6. Sylvie And Bruno
From the biography of Lewis Carroll by Derek Hudson

For the general reader, the humorous verse scattered throughout the two volumes of Sylvie And Bruno may be its chief attraction. But from the student of Lewis Carroll, this elaborate failure, which occupied him, on and off, for twenty years of his life, demands a little more attention. Even the least successful productions of genius have an interest above the ordinary; the confused patchwork of Sylvie And Bruno conceals what was in some ways a strikingly original experiment, though one beyond his powers.

The nucleus of Sylvie And Bruno is to be found in a short tale, 'Bruno's Revenge', contributed by Carroll to Aunt Judy's Magazine, edited by Mrs Gatty, in 1867. This fairytale forms the greater part of Chapters 14 and 15 of the book. He told more chapters of it to the children at Hatfield on visits to Lord Salisbury in 1873 and 1875. By the following year he was looking out for an illustrator to succeed Tenniel.

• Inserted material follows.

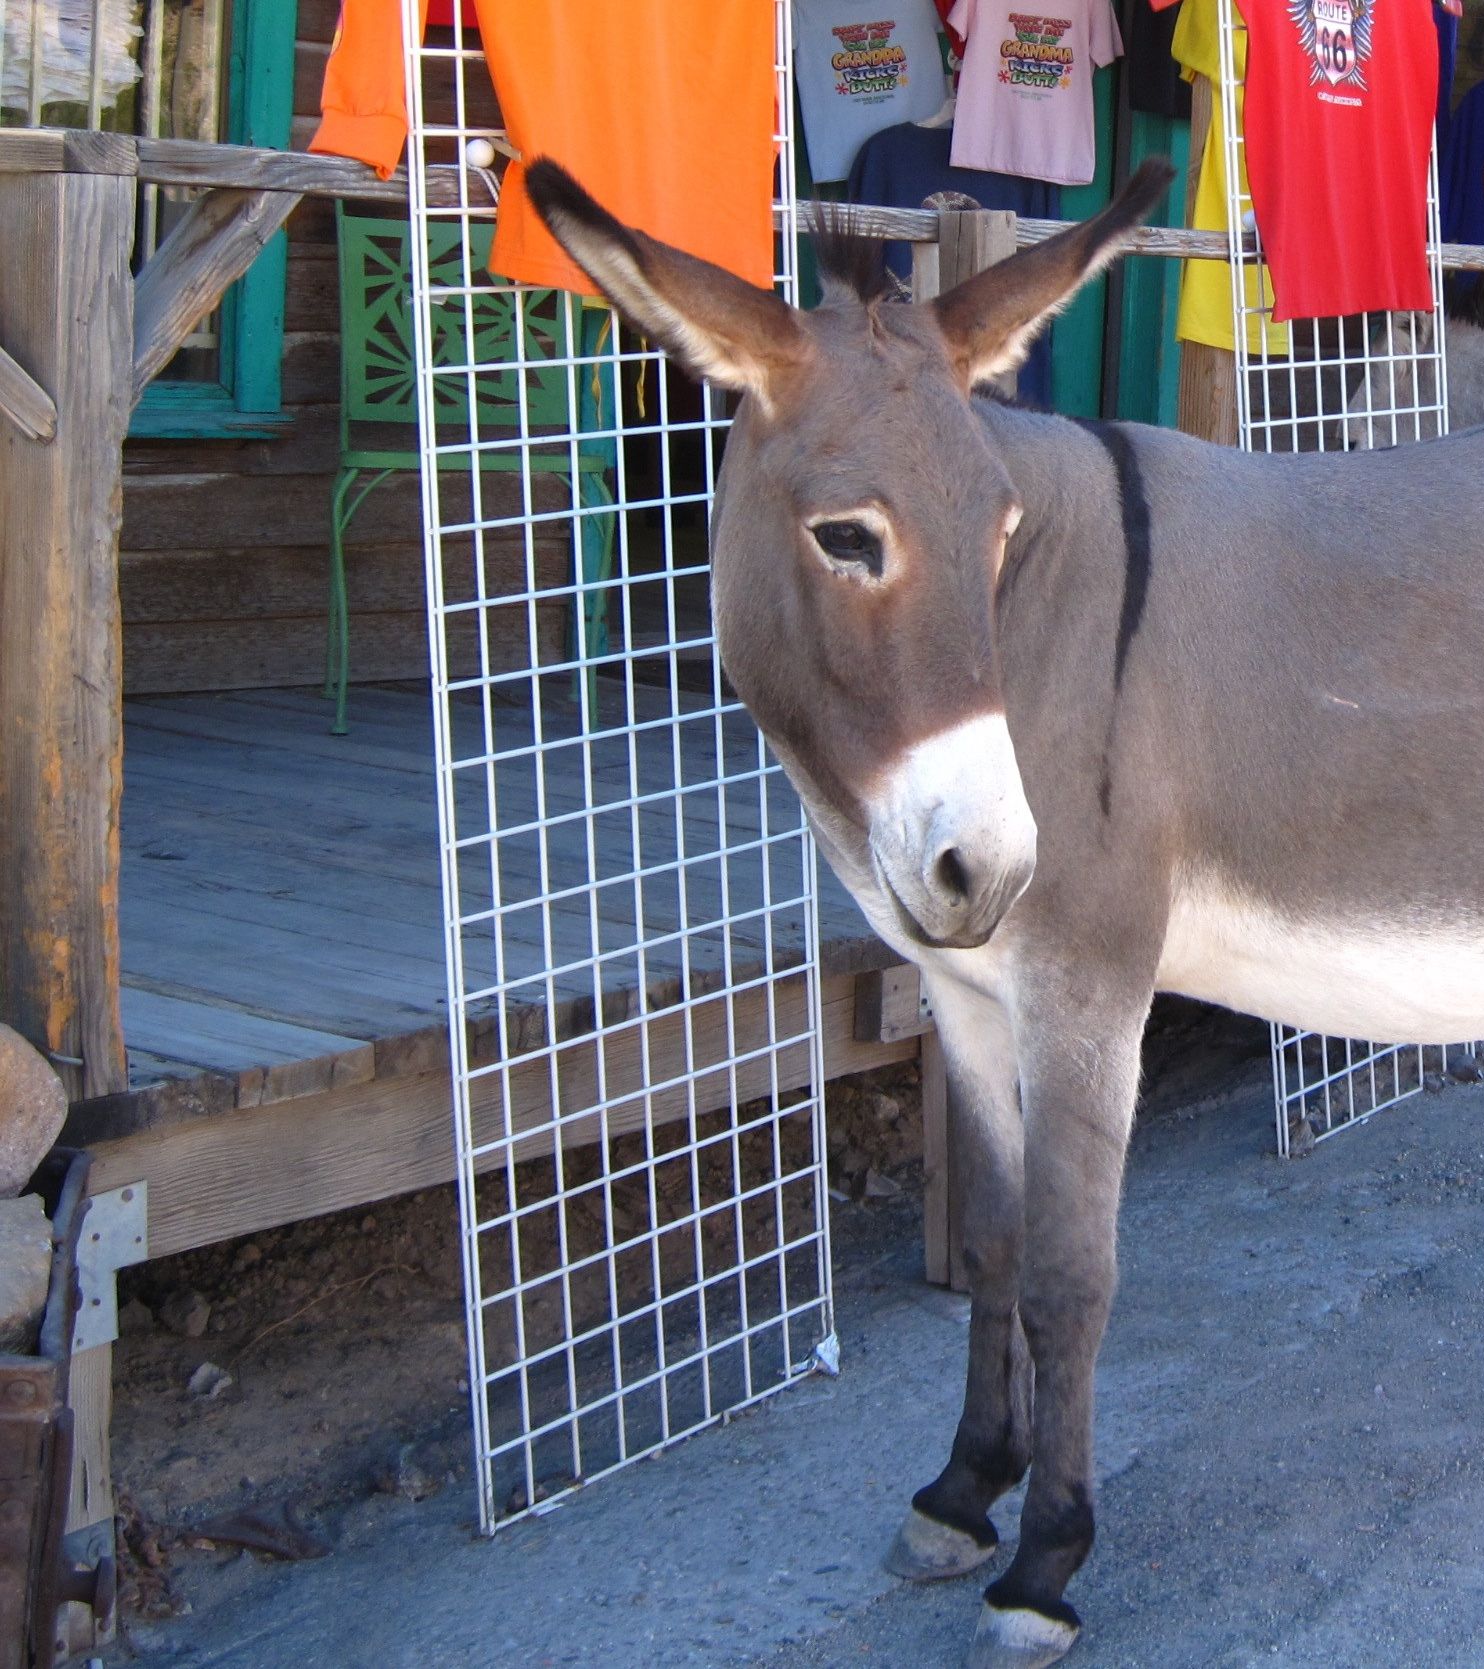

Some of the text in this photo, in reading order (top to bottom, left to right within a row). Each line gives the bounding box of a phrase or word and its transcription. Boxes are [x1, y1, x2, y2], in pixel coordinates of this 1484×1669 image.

'I should much like to write one more children's book', he informed Macmillans, 'before all writing-power leaves me.'

Unfortunately that supremely lucid 'writing-power' of Dodgson's did begin to disintegrate rather rapidly as he became increasingly absorbed by college business and by his miscellaneous scientific and artistic interests. Sylvie And Bruno was compiled from a mass of material accumulated over many years. Dodgson determined to break away from the pattern of his previous dream-tales, but had no clear idea of how to do it. Unlike the Alice books, Sylvie And Bruno never advanced systematically. Failure could have been predicted.

The most serious fault, besides its shapelessness, was that in Sylvie And Bruno Dodgson the didactic moralist overwhelmed Dodgson the artist. When he allowed himself to follow the course of his fairy-tale, or to pursue some entertaining by-way of fantasy in prose or verse, he was still recognizably the Lewis Carroll of former days; but the attempt to display his old talent within the setting of a conventionally 'uplifting' society novel proved fatal to the book as a whole. Harry Furniss's illustrations faithfully reflected this dilemma. Worse still, the boy Bruno spoke in a deplorable convention of baby-talk that had been happily avoided in Alice. And the book grew impossibly long. The publication of Sylvie And Bruno in 1889 was not the end. In 1893 came Sylvie and Bruno Concluded, and each volume ran to four hundred pages. Moreover, they were both prefaced by rambling apologetic addresses such as a clergyman might make from the steps of the chancel, involving good works and moral reflections of every kind.

It is possible, then, to pick out the interpolated songs and poems, or to read the fantastic passages on the 'Outlandish Watch' or the visit to Dogland, with pleasure; it requires an unusually patient and sympathetic reader to follow the story from beginning to end. yet the strangely incoherent compilation is somehow symbolical of the hidden conflicts of Dodgson and of the Victorian era in which he lived. The element of experiment in the construction of the book has its place in literary history. Dodgson introduced his 'fairies' into human situations and postulated that man may go through three stages in relation to the supernatural — the ordinary state of 'no consciousness'; the mixed or 'eerie' state, in which he is conscious both of his own surroundings and of supernatural presences; and a form of trance or dream-state. His attempt to sustain a narrative on these distinct planes is, not surprisingly, difficult to follow.

Maeterlinck and Barrio later handled similar material more successfully in the theatre with musical assistance; and perhaps the work of Dorothy Richardson, James Joyce and Virginia Woolf sometimes suggests the same line of experiment, explored with different methods.

Sylvie And Bruno was Carroll's last attempt at imaginative literature on a large scale. He was greatly occupied with games and puzzles towards the close of his life. His last book, Part I of Symbolic Logic, appeared in 1896; it is pleasant to record that it went through four editions within a year. The exploitation of the Alice books in their various guises, translations and adaptations, still kept him busy, and he made a number of small verbal changes for a new edition in 1897. (Mr Stanley Godman is apparently the first to have noted these "The Times, 27July 1957). During his later years he suffered from intermittent ill-health; he was feeling the effect of cumulative strain, brought on by the rigorous discipline of his life and by continual overwork. At Christmas, 1897, he was busily engaged on Part 2 of Symbolic Logic when he caught a feverish chill which turned to bronchitis. He died at 'The Chestnuts', his sisters' detached red-brick house near the Castle at Guildford, on 14 January 1898.